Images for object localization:
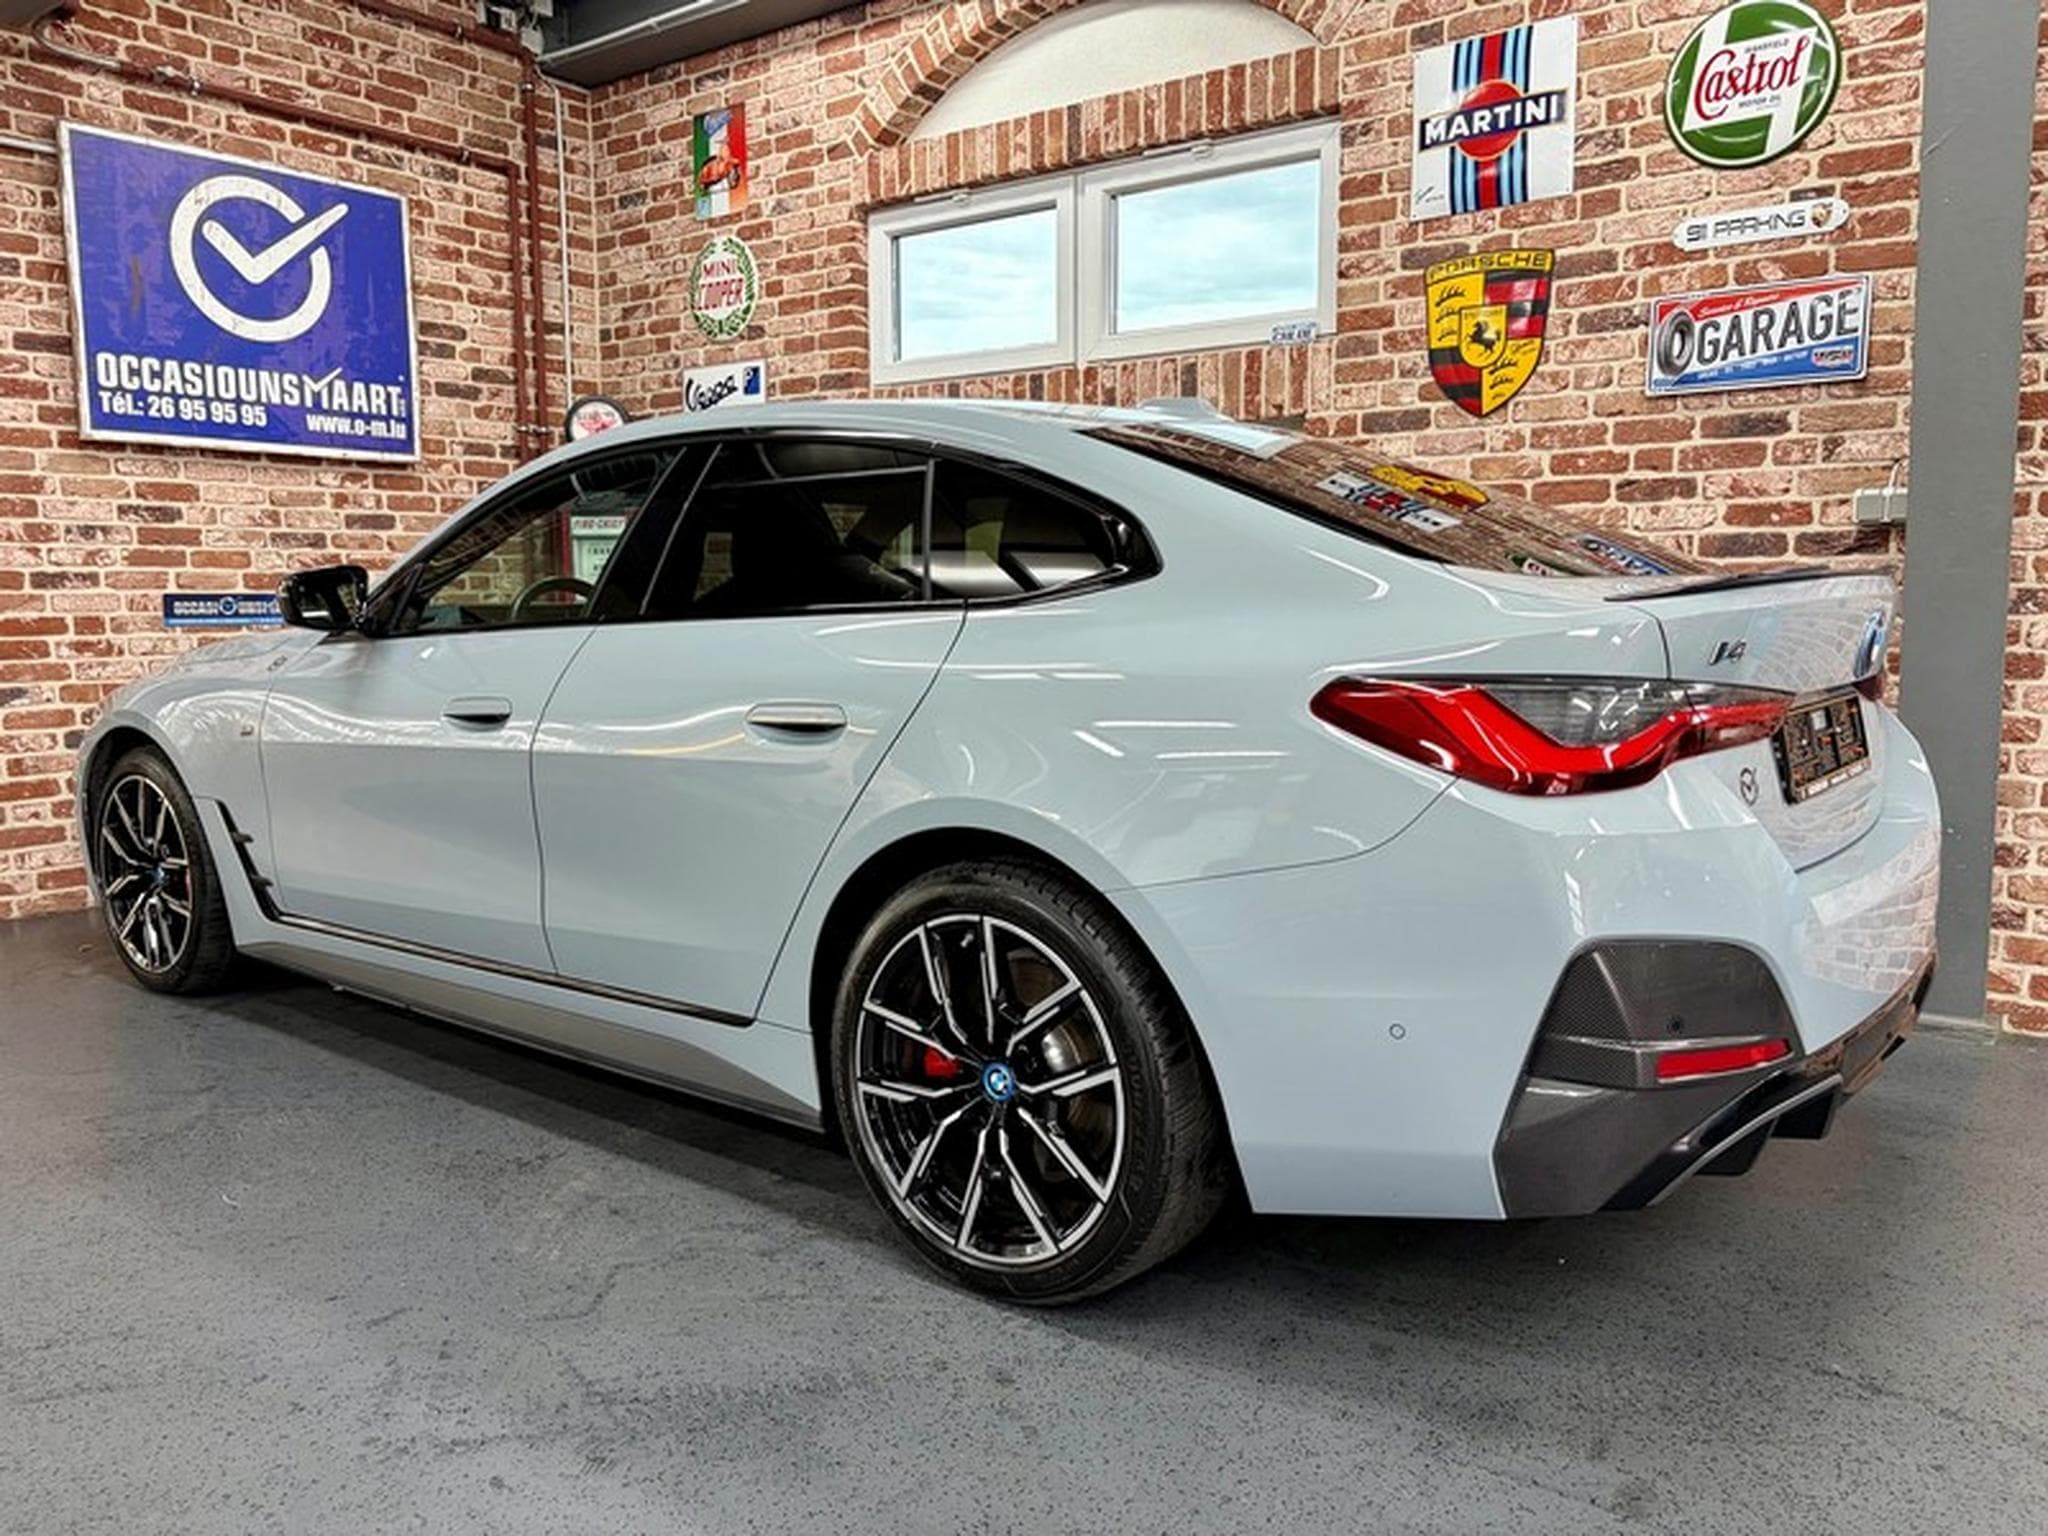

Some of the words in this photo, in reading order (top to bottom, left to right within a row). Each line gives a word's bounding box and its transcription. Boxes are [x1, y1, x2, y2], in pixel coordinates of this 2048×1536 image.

[1694, 35, 1811, 121] Castrol
[1424, 93, 1559, 147] MARTINI
[1713, 209, 1806, 238] PARKING
[703, 258, 737, 279] MINI
[1429, 251, 1548, 281] PORSCHE
[696, 278, 744, 311] COOPER
[1696, 289, 1861, 367] GARAGE
[686, 375, 739, 413] Vespa
[147, 395, 176, 419] 26
[178, 398, 207, 422] 95
[210, 401, 238, 424] 95
[240, 404, 267, 428] 95
[305, 413, 407, 440] www.o-m.lu

Task directions
Output the entries above exactly, without their pictures.

Written answer
Some of the words in this photo, in reading order (top to bottom, left to right within a row). Each line gives a word's bounding box and its transcription. Boxes are [x1, y1, x2, y2], in pixel coordinates of this 2048×1536 image.

[1694, 35, 1811, 121] Castrol
[1424, 93, 1559, 147] MARTINI
[1713, 209, 1806, 238] PARKING
[703, 258, 737, 279] MINI
[1429, 251, 1548, 281] PORSCHE
[696, 278, 744, 311] COOPER
[1696, 289, 1861, 367] GARAGE
[686, 375, 739, 413] Vespa
[147, 395, 176, 419] 26
[178, 398, 207, 422] 95
[210, 401, 238, 424] 95
[240, 404, 267, 428] 95
[305, 413, 407, 440] www.o-m.lu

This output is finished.